Subtitle: 
Or, Why I Love This Job

It was a year for comebacks: After last season's financial setback, Famous Door scored a long-run hit with Ghetto, followed by an all-star The Homecoming, to finish out the year with the currently-playing Early And Often. City Lit recovered from its organizational difficulties to re-open in a new space with the imaginatively-crafted Alice In Wonderland. And Raven Theater, evicted from its Rogers Park home, announced its resurrection in spacious new quarters.

What with the closing of the venerable Ivanhoe (special never-say-die awards to Hellcab, Late Nite Catechism and the Free Associates) and the opening of Goodman II, the next season looks to be an adventurous one.
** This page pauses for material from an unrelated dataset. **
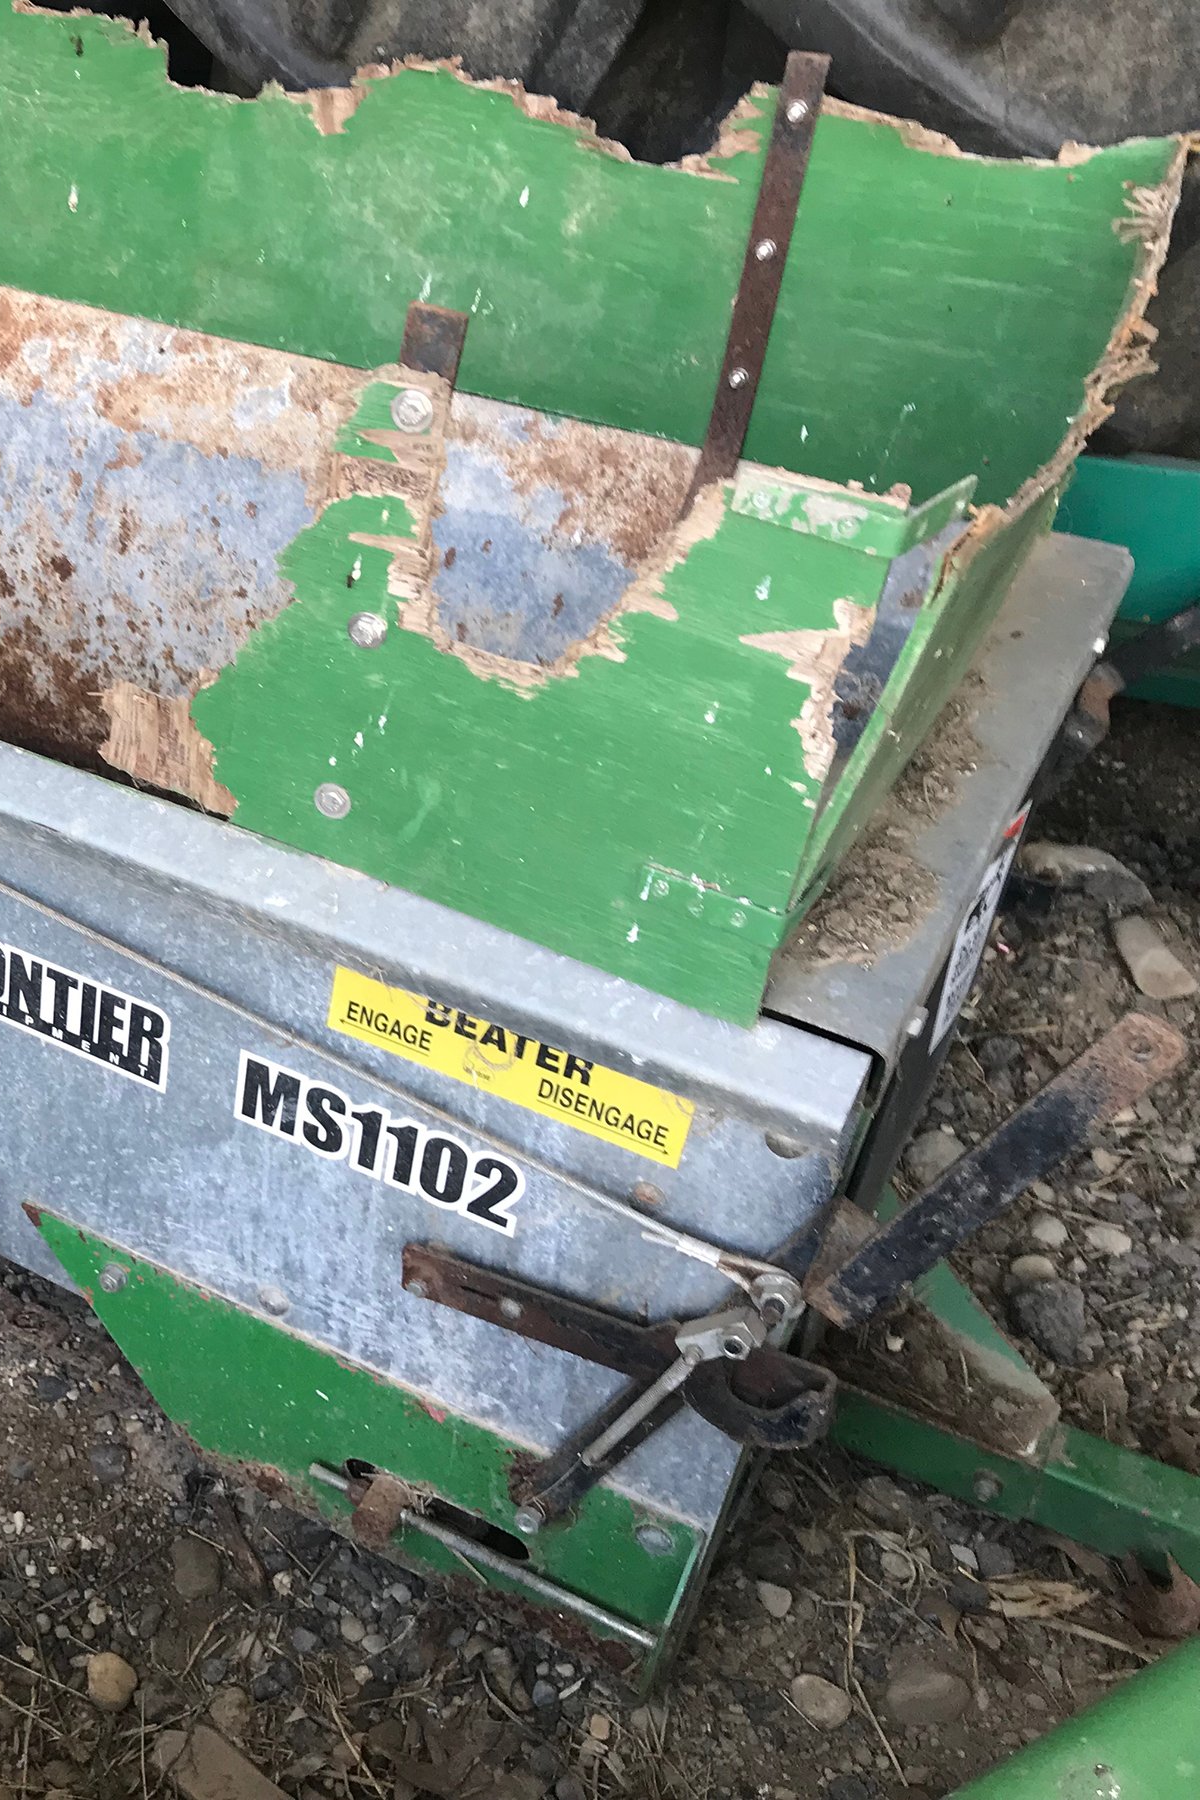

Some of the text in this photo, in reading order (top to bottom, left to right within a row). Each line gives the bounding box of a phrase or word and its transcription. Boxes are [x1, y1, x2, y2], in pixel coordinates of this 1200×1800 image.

[347, 1001, 433, 1051] ENGAGE
[425, 1000, 593, 1086] BEATER
[241, 1058, 518, 1228] MS1102
[538, 1079, 668, 1148] DISENGAGE
In the meantime, some of the highlights of 2000:

1. Police Deaf Near Far, Stage Left Theater -These were not your Jerry's Kids! David Rush's docudrama of a deaf bad-boy activist pulled no punches in its gritty depiction of social alienation, its bilingual cast lending added poignancy to their narrative through its rendering in simultaneous voiced and sign language.

2. Among The Thugs, Next Theater - The ecstasy and the agony of surrender at the soccer games as related by Bill Buford via Tom Szentgyorgyi's elegant adaptation and director Kate Buckley's vigorous direction of a steel-muscled cast. Who knew testosterone could be so intoxicating?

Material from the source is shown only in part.